Im dritten Durchgang neutralisierten sich die beiden Mannschaften anfangs, die erste große Gelegenheit fanden die Gastgeber vor, aber David Madlener klärte im Verbund mit dem Gestänge den Abschluss eines „Zwei-gegen-Eins“-Konters durch Thomas Raffl (47.). Es folgten drei rasante Minuten mit Chancen auf beiden Seiten: Raffl fälschte einen Schlagschuss von Raymond ans Außengestänge (47.), Starkbaum war bei einem Kapstad-Schuss auf die kurze Ecke aufmerksam, Madlener parierte eine Mueller-Direktabnahme mit den Pads (jeweils 49.) und ein Bischofberger-Wristshot vom linken Flügel zischte knapp über den Kasten (50.). Mitten in dieser spektakulären Phase konnten die Salzburger allerdings auch anschreiben: Ein von der Bande vors Tor zurückspringender Puck hoppelte mehrfach abgefälscht dem Crease entlang, ehe ihn Rob Schremp im Fallen einsenden konnte (49). Fast wären die Bullen noch weiter enteilt, doch David Madlener rettete gegen den frei vor ihm aufgetauchten Michael Schiechl, der sich zuvor sehenswert an zwei KAC-Verteidigern vorbei manövriert hatte (50.). Noch gab sich der EC-KAC jedoch nicht geschlagen: Bei einem Schlenzer von David Fischer von der blauen Linie aus nahmen zumindest zwei Salzburger ihrem eigenen Goalie die Sicht, der Puck schlug über der linken Schulter von Bernhard Starkbaum ein (55.). Bei der Jagd auf den Ausgleich mussten sich die Rotjacken dann aber ihre schwindenden Kräfte eingestehen, vielmehr war es der Gastgeber, der einem weiteren Treffer noch mehrfach nahekam: Ein Wristshot von Peter Mueller ging an den Pfosten (56.), bei numerischer Überlegenheit traf auch Bobby Raymond nur Metall (57.), gegen Rob Schremp - ebenfalls im Powerplay - klärte der starke David Madlener mit der Fanghand (jeweils 57.). Ein letzter Versuch der Klagenfurter, den Ausgleich mit einem sechsten Feldspieler am Eis zu erzwingen, versandete, die Bullen sicherten sich im dritten Saisonduell mit dem EC-KAC den dritten Sieg. (HB)

 

Der Kommentar:

„Wir verloren heute einen Spieler am Vormittag und einen während des Warmups aufgrund von Krankheiten, das beeinflusst das gesamte Setup natürlich.
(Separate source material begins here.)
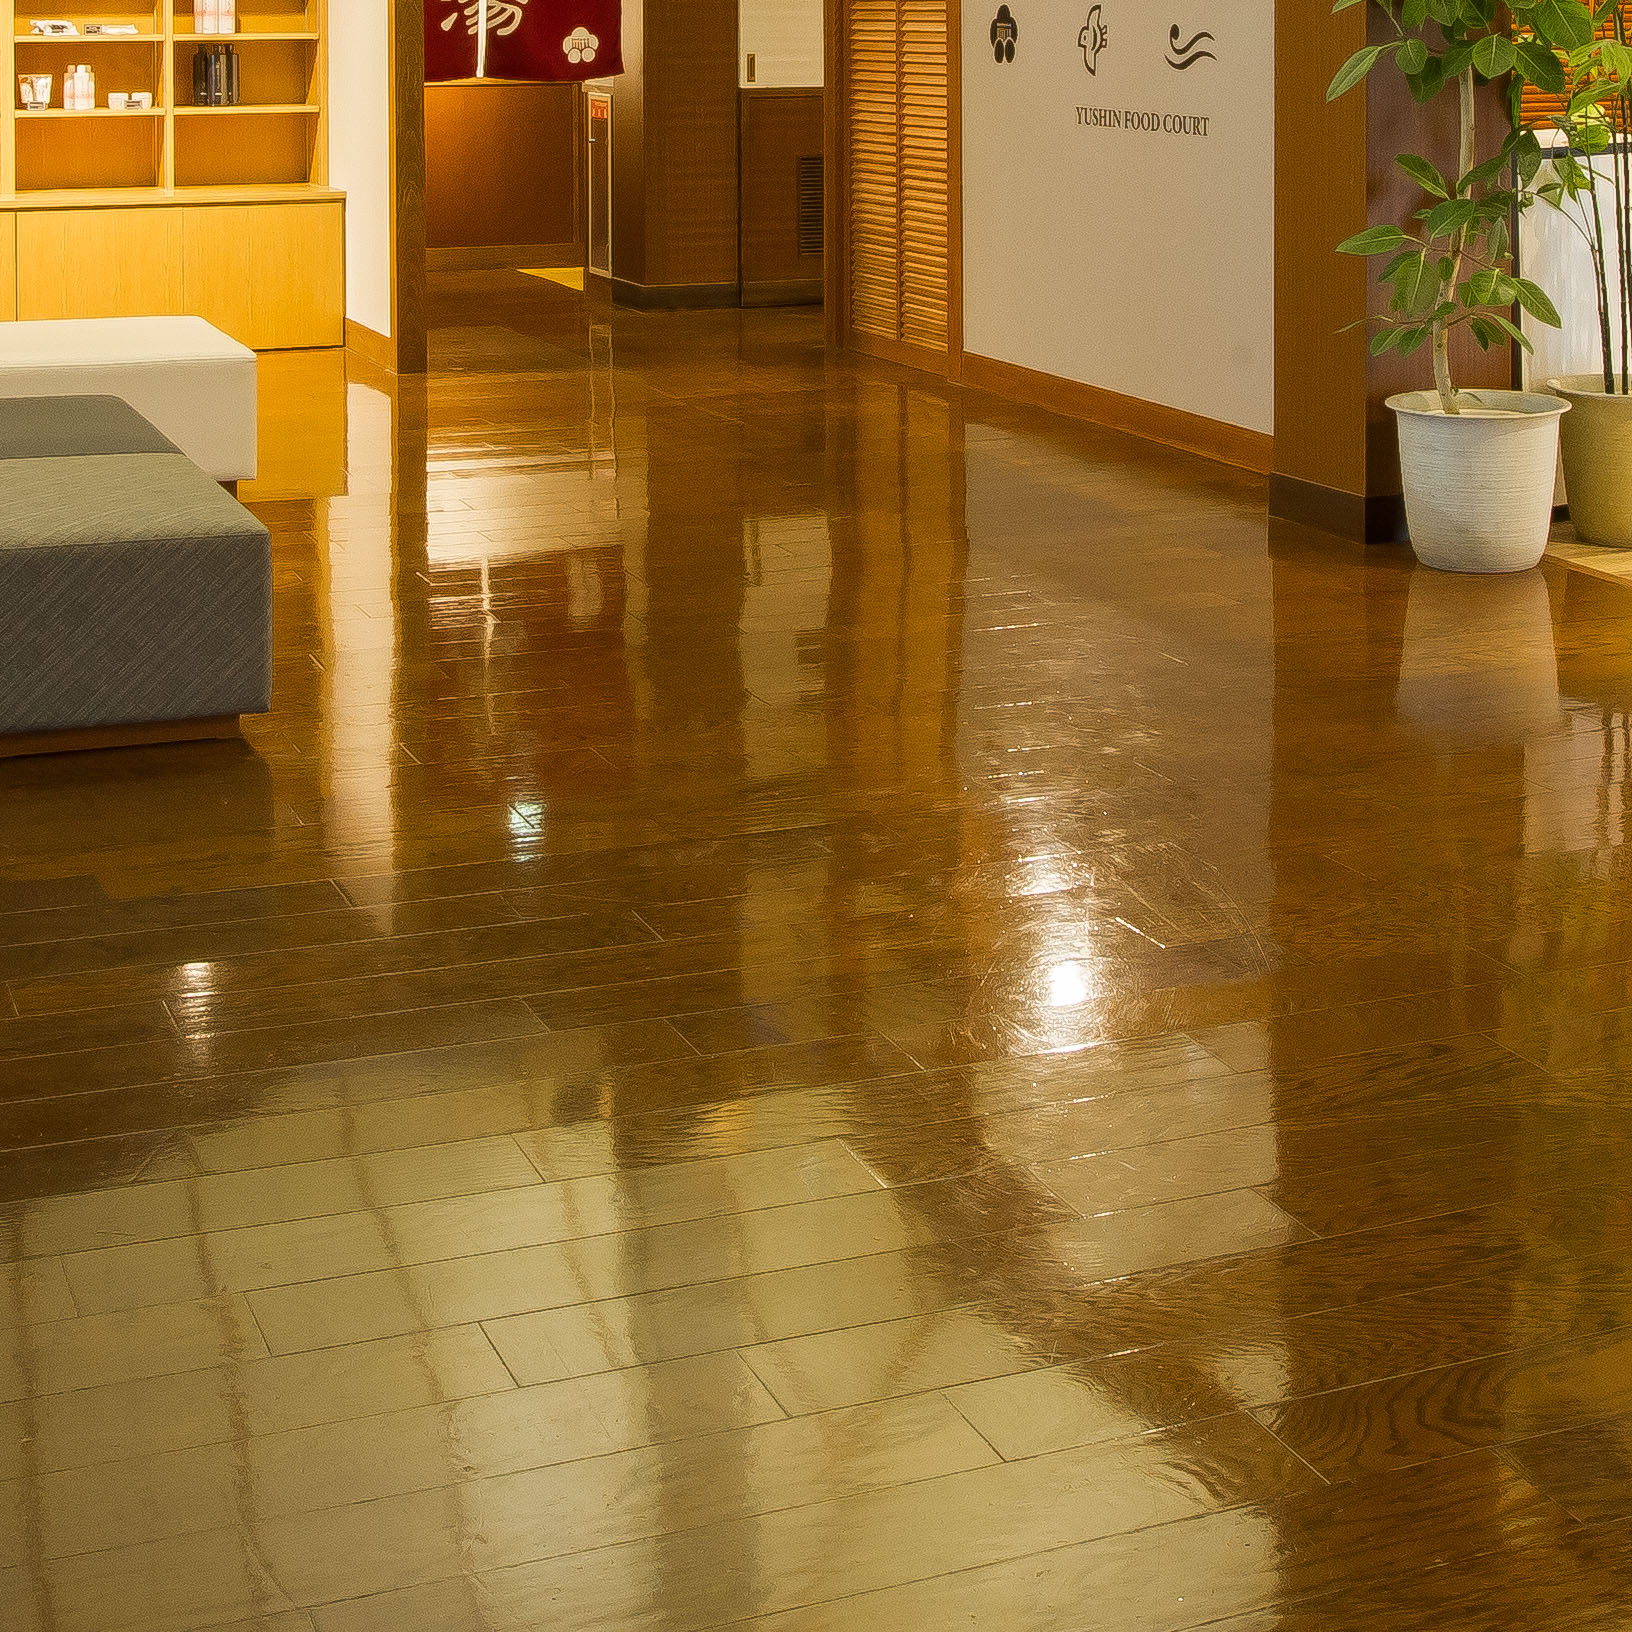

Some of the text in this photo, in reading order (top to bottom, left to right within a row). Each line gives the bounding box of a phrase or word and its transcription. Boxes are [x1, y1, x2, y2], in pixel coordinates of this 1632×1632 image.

[1075, 106, 1210, 137] YUSHIN FOOD COURT
Daher versuchten wir, das Score so niedrig wie möglich zu halten, was uns auch gelungen ist. Die zweite Zielsetzung, der Strafbank fernzubleiben, haben wir aber nicht erreicht, Salzburg hat das ausgenützt und im Powerplay die Partie zu seinen Gunsten entschieden. Ich bin jedoch sehr stolz auf den Kampfgeist, den wir heute bei widrigen Umständen und gegen einen starken Gegner gezeigt haben. Beim Retourspiel kommende Woche möchten wir mit dem gleichen Spirit zur Tat schreiten, dann haben wir wieder eine gute Chance, erfolgreich zu sein.“ (Steve Walker, Head Coach EC-KAC)

 

Der Ausblick:

Mit der zweiten Auswärtsniederlage an diesem Wochenende und aufgrund des gleichzeitigen Siegs des EHC Linz in Bolzano verloren die Rotjacken den zweiten Tabellenplatz, der nun aufgrund des besseren Torverhältnisses wieder den Oberösterreichern gehört. Die Möglichkeit, sich beim EC Salzburg zu revanchieren, ergibt sich für den EC-KAC aber schon in der nächsten Runde: Am kommenden Freitag (Spielbeginn: 19.15 Uhr, live bei Sky Sport Austria) sind die Bullen in Klagenfurt zu Gast. Dabei werden auch Martin Schumnig, Thomas Koch und Jamie Lundmark im rot-weißen Lineup zurückerwartet.